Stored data
=====
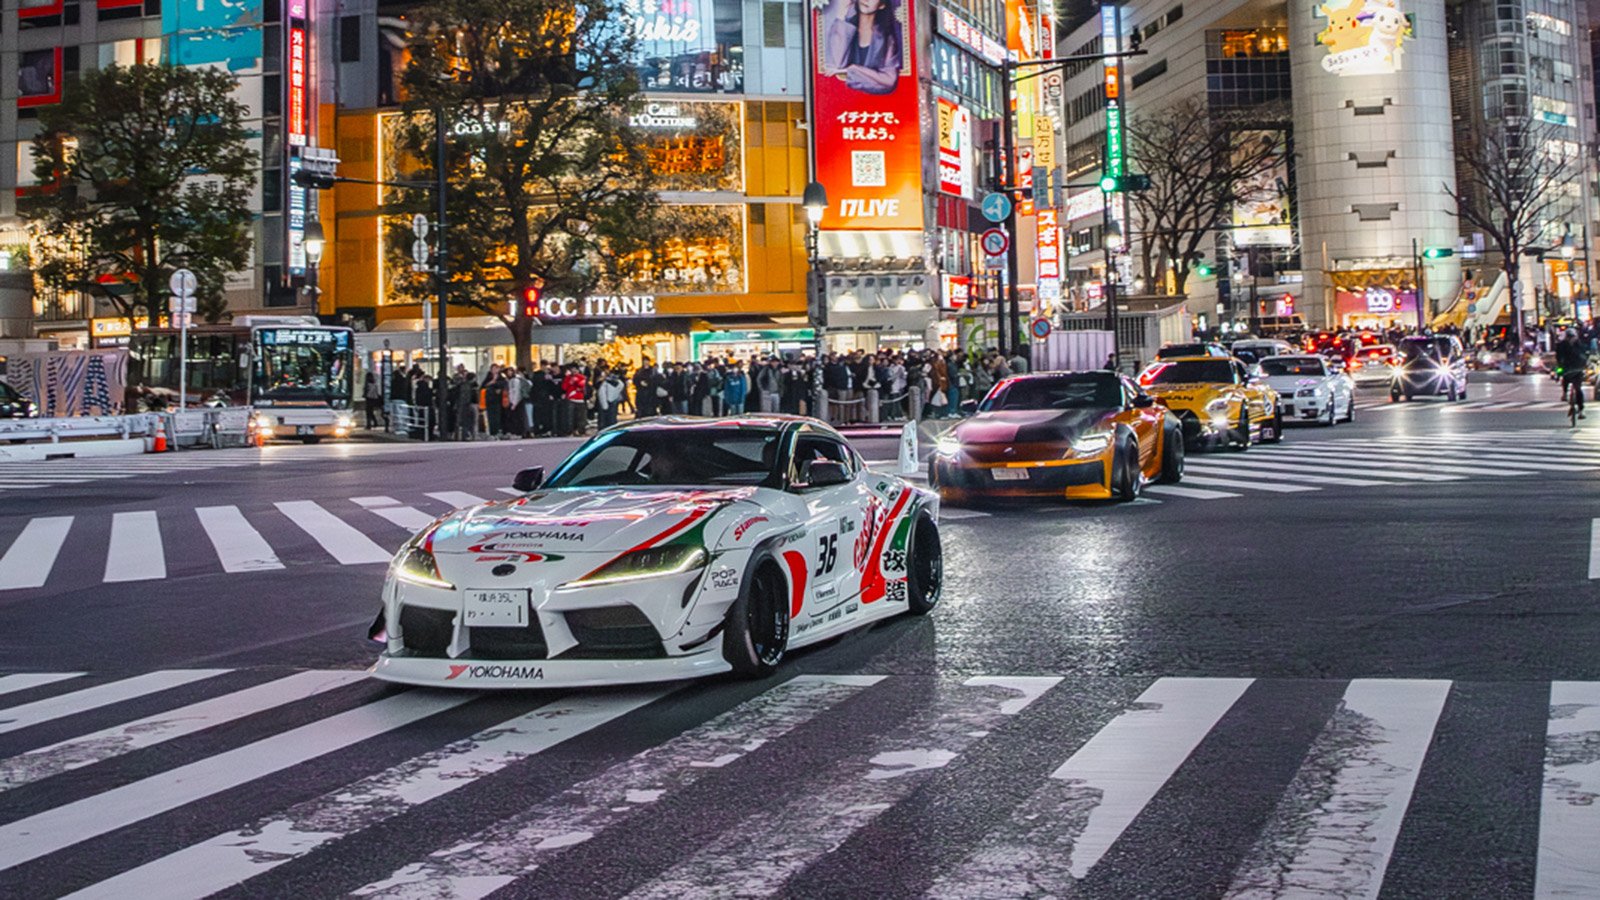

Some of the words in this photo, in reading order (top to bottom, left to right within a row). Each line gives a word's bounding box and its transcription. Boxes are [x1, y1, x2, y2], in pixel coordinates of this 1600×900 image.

[840, 199, 900, 217] 17LIVE
[504, 531, 585, 542] YOKOHAMA
[814, 533, 838, 577] 36
[711, 568, 736, 581] POP
[714, 577, 739, 589] RACE
[469, 665, 544, 680] YOKOHAMA
=====
What is expected:
Restate the data above word for word. Do not include the images.

Solution to this exercise:
Some of the words in this photo, in reading order (top to bottom, left to right within a row). Each line gives a word's bounding box and its transcription. Boxes are [x1, y1, x2, y2], in pixel coordinates of this 1600×900 image.

[840, 199, 900, 217] 17LIVE
[504, 531, 585, 542] YOKOHAMA
[814, 533, 838, 577] 36
[711, 568, 736, 581] POP
[714, 577, 739, 589] RACE
[469, 665, 544, 680] YOKOHAMA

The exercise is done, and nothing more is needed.